Now that the model is trained, we should be able to use it to make our predictions and evaluate our model. The scatter plot below plots the actual y values to the model's predictions. The model seems to behave accurately.

In [None]:
predictions = lm.predict(X_test)

In [None]:
sns.scatterplot(x=y_test, y=predictions)
plt.ylabel('Predictions')
plt.title('Yearly Amount Spent vs. Model Predictions')

### Evaluation of the model

In [None]:
from sklearn.metrics import mean_squared_error, mean_absolute_error
import math

In [None]:
print('Mean Absolute Error:',mean_absolute_error(y_test, predictions))
print('Mean Squared Error:',mean_squared_error(y_test, predictions))
print('Root Mean Squared Error:',math.sqrt(mean_squared_error(y_test, predictions)))

### Residuals

Distribution plot of the residuals of the model's predictions. They should be normally distributed.

In [None]:
residuals = y_test-predictions
sns.distplot(residuals, bins=30)

In [None]:
import pylab 
import scipy.stats as stats

stats.probplot(residuals, dist="norm", plot=pylab)
pylab.show()

### Conclusion

This analysis reveals that the length of membership is the most influential factor in predicting the yearly amount spent by customers. While intuitively, time spent on an app or website might seem important, the model indicates that time on the mobile app has a significantly stronger impact than time spent on the desktop website. In fact, the time spent on the desktop site shows little to no correlation with customer spending.

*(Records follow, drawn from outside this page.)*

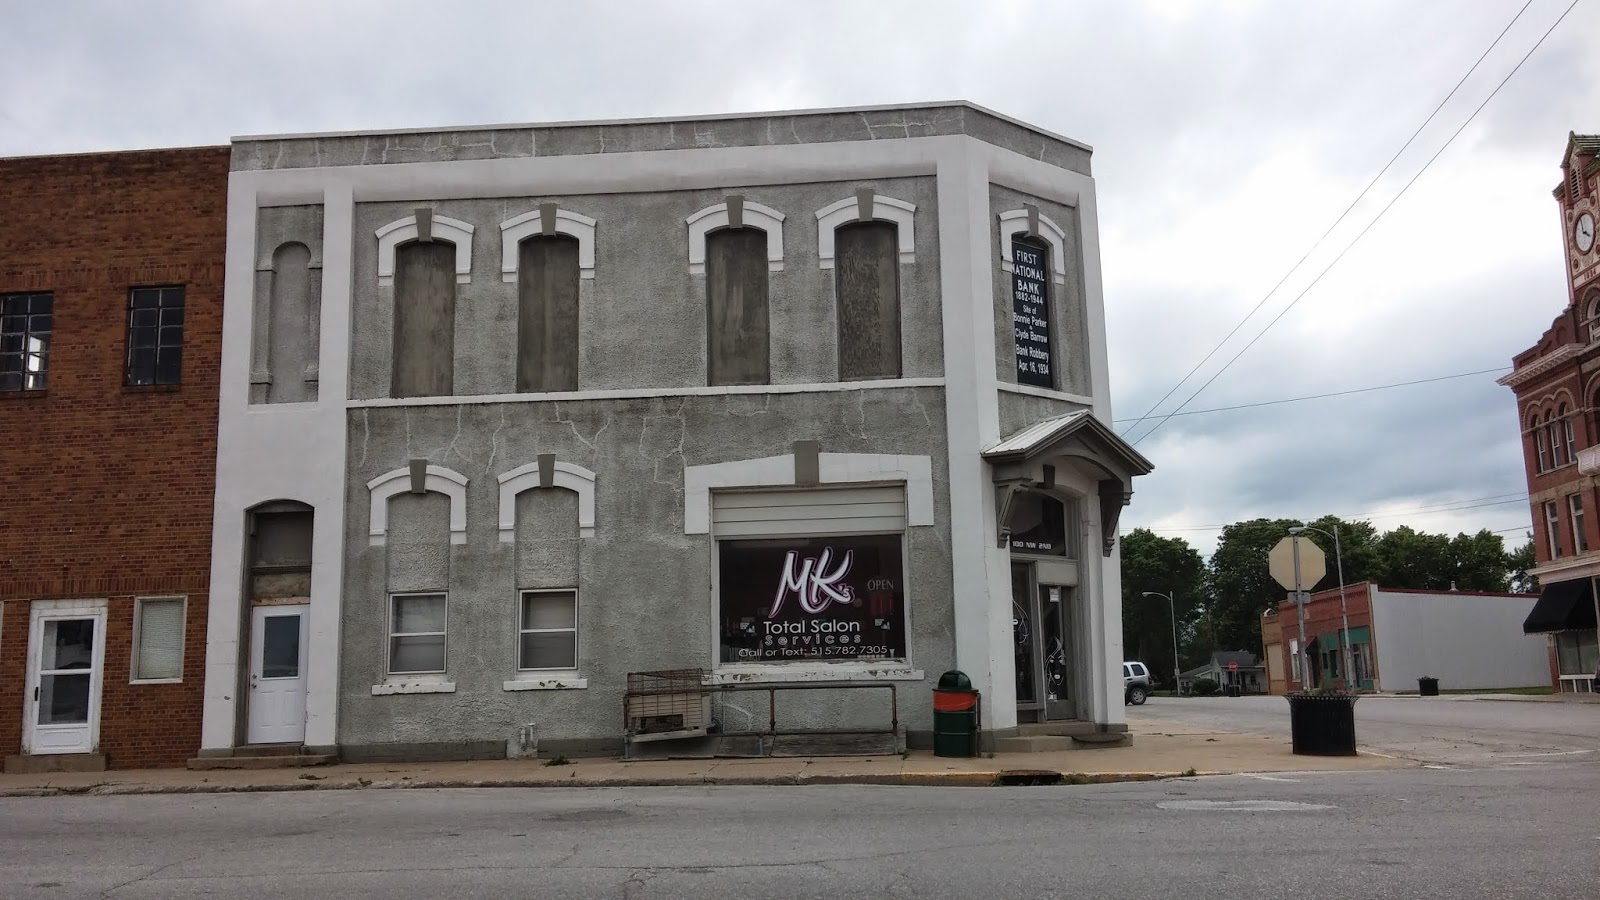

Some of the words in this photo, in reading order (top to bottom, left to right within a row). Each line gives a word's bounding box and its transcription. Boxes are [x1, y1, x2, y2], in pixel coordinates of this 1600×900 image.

[1016, 250, 1037, 265] FIRST
[1017, 279, 1039, 295] BANK
[1015, 290, 1044, 305] 1882-1944
[1022, 304, 1031, 314] Site
[1032, 306, 1037, 315] of
[1013, 312, 1030, 325] Bonnie
[1031, 316, 1047, 328] Parker
[1015, 327, 1029, 340] Clyde
[1030, 331, 1048, 343] Barrow
[1015, 343, 1028, 356] Bank
[1029, 346, 1049, 363] Robbery
[1037, 362, 1049, 375] 1934
[867, 579, 894, 590] OPEN
[763, 620, 806, 634] Total
[810, 619, 860, 633] Salon
[764, 634, 862, 646] Services
[738, 649, 762, 657] Call
[765, 649, 778, 657] or
[780, 647, 807, 656] Text:
[810, 645, 888, 656] 515.782.7305
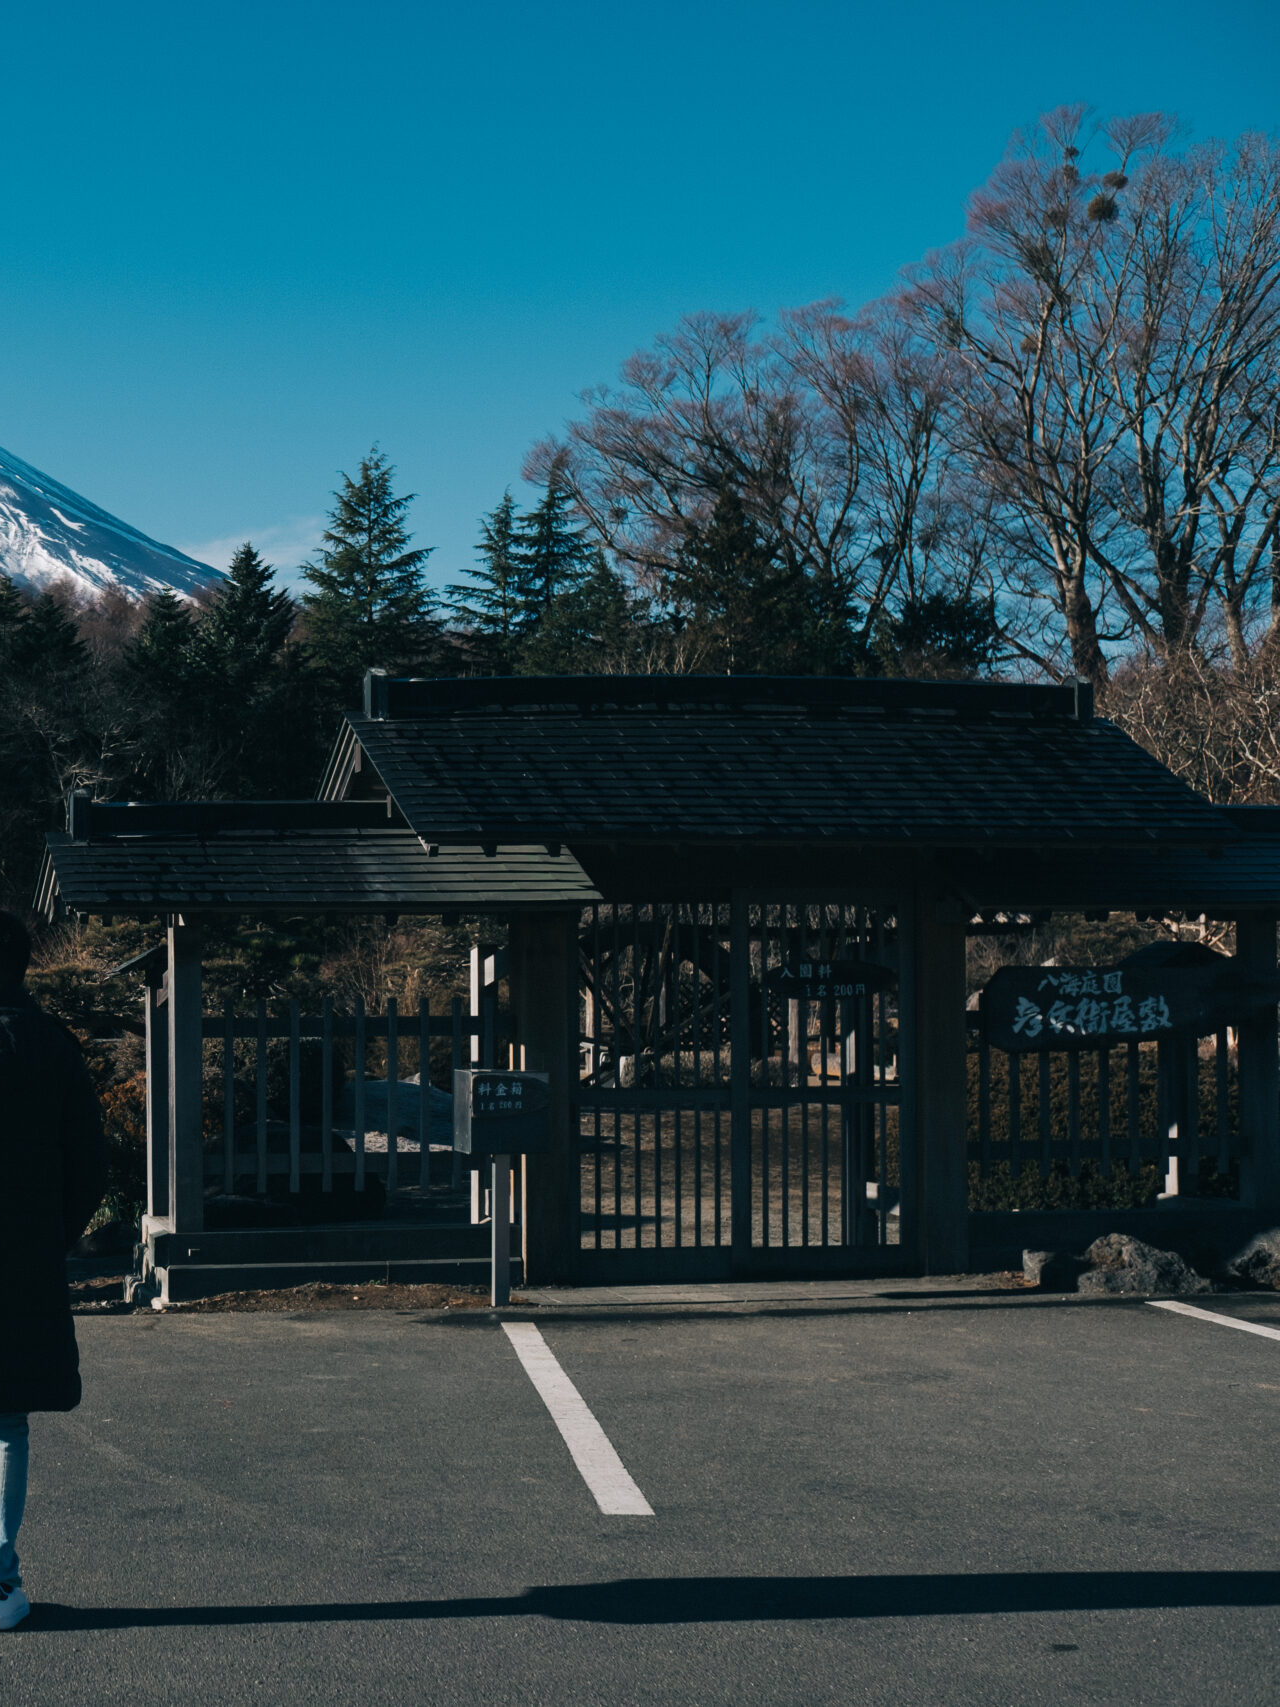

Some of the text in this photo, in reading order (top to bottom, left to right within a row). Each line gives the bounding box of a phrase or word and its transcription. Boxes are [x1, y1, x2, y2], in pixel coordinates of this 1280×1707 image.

[780, 963, 832, 979] 入園料
[478, 1082, 522, 1096] 料金箱
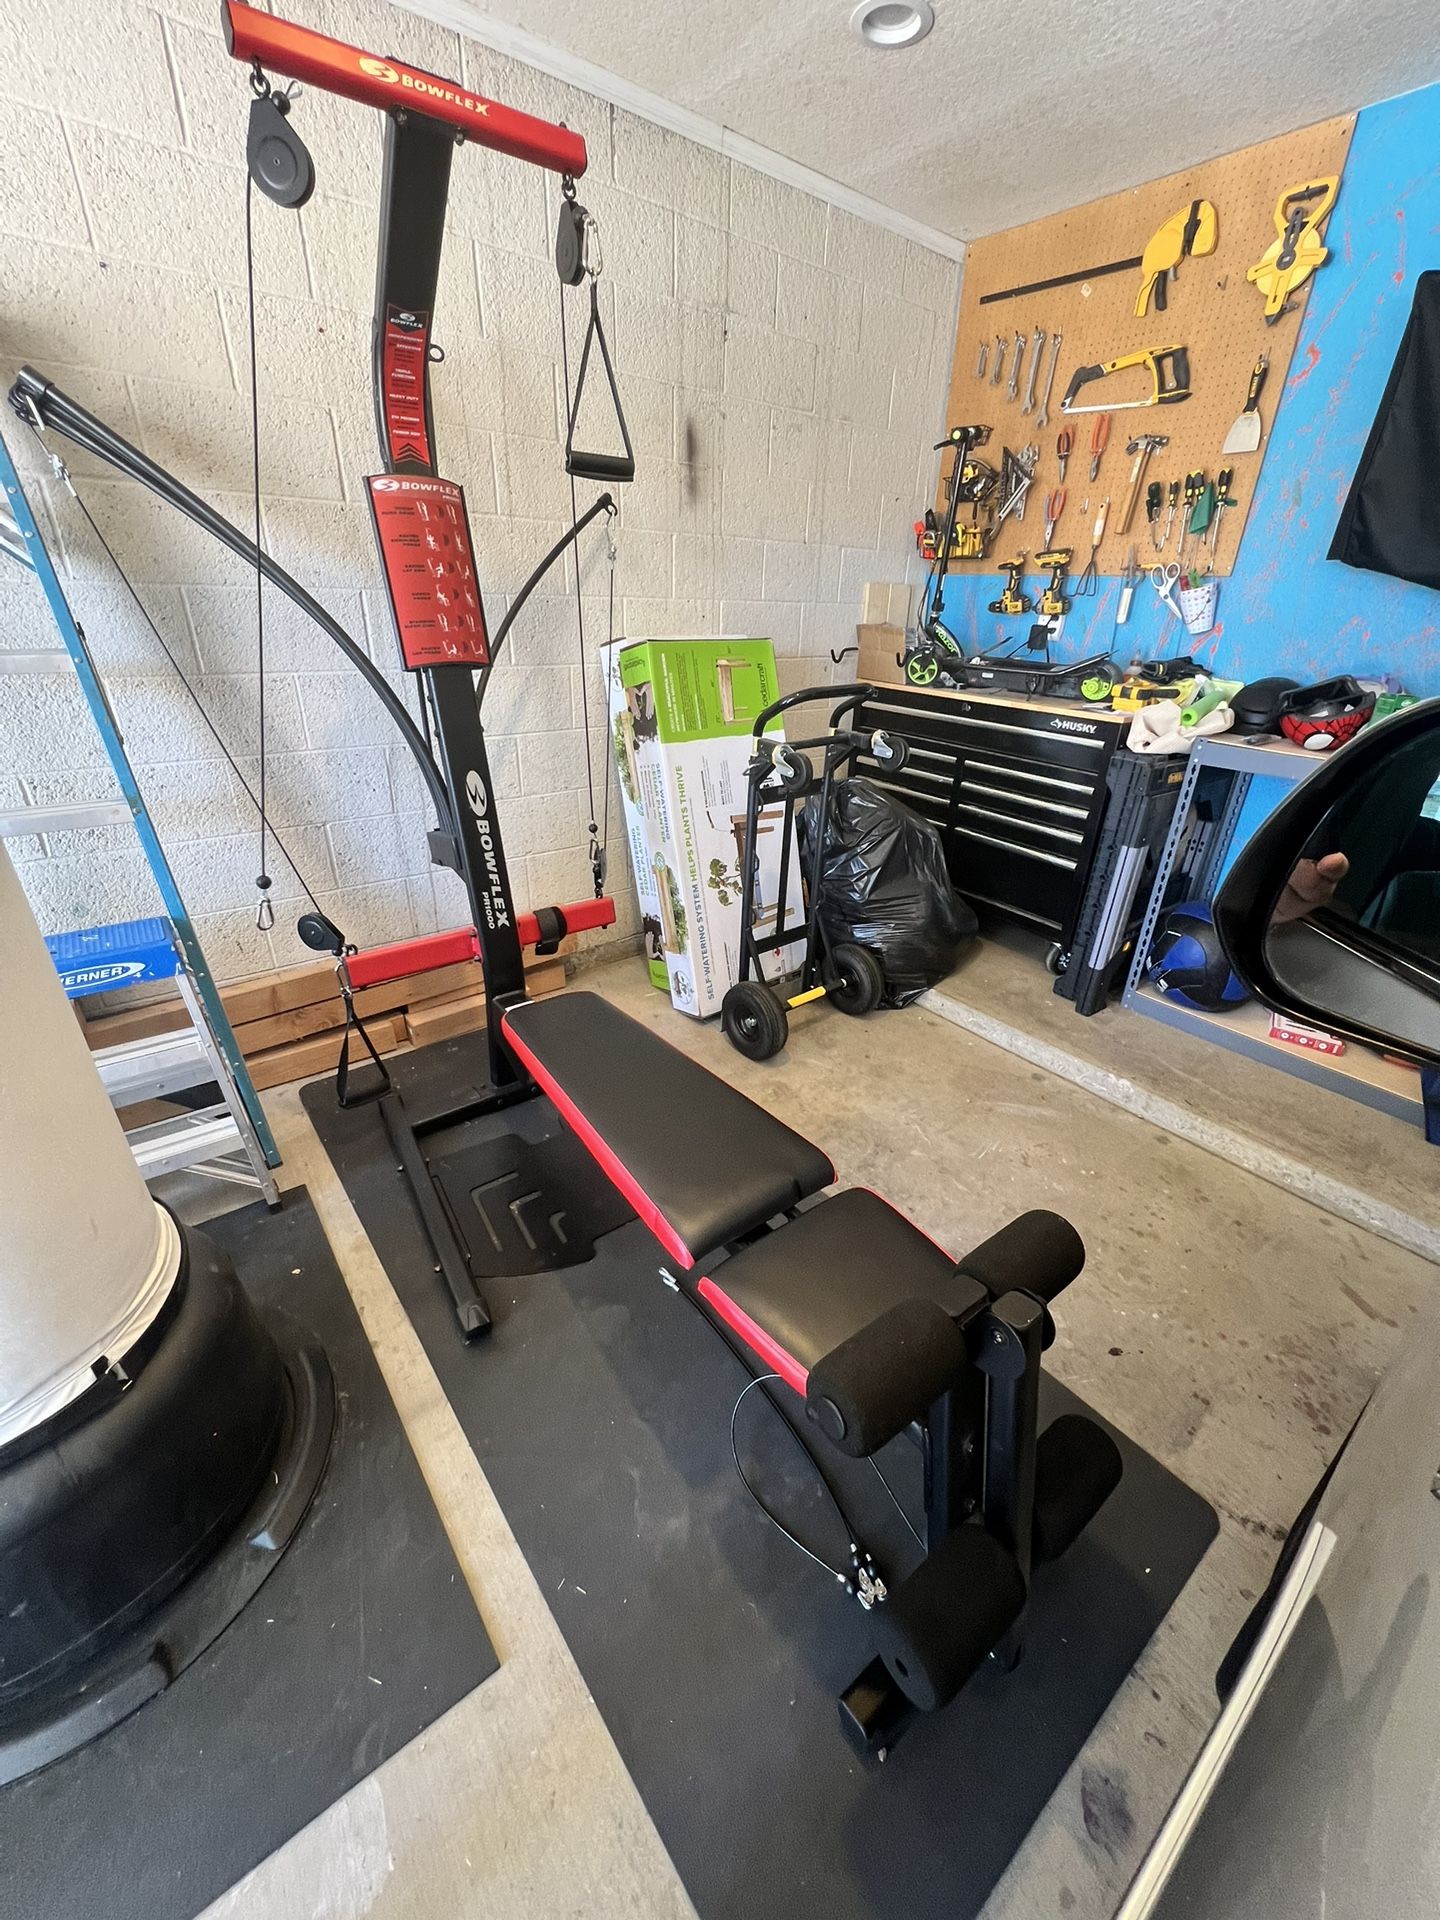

There are two potential interpretations of these findings. One is that the desktop website may require improvements to better engage customers and convert visits into sales. Alternatively, it may reflect a broader trend where customers are more influenced by mobile app experiences than desktop websites. This suggests that marketing and development efforts could be more effectively focused on enhancing the mobile app experience to drive revenue growth.

While the data provides valuable insights, interpreting these results benefits from domain expertise in online marketing strategies. Nonetheless, the model robustly quantifies the relative importance of predictors, offering a solid foundation for strategic decisions.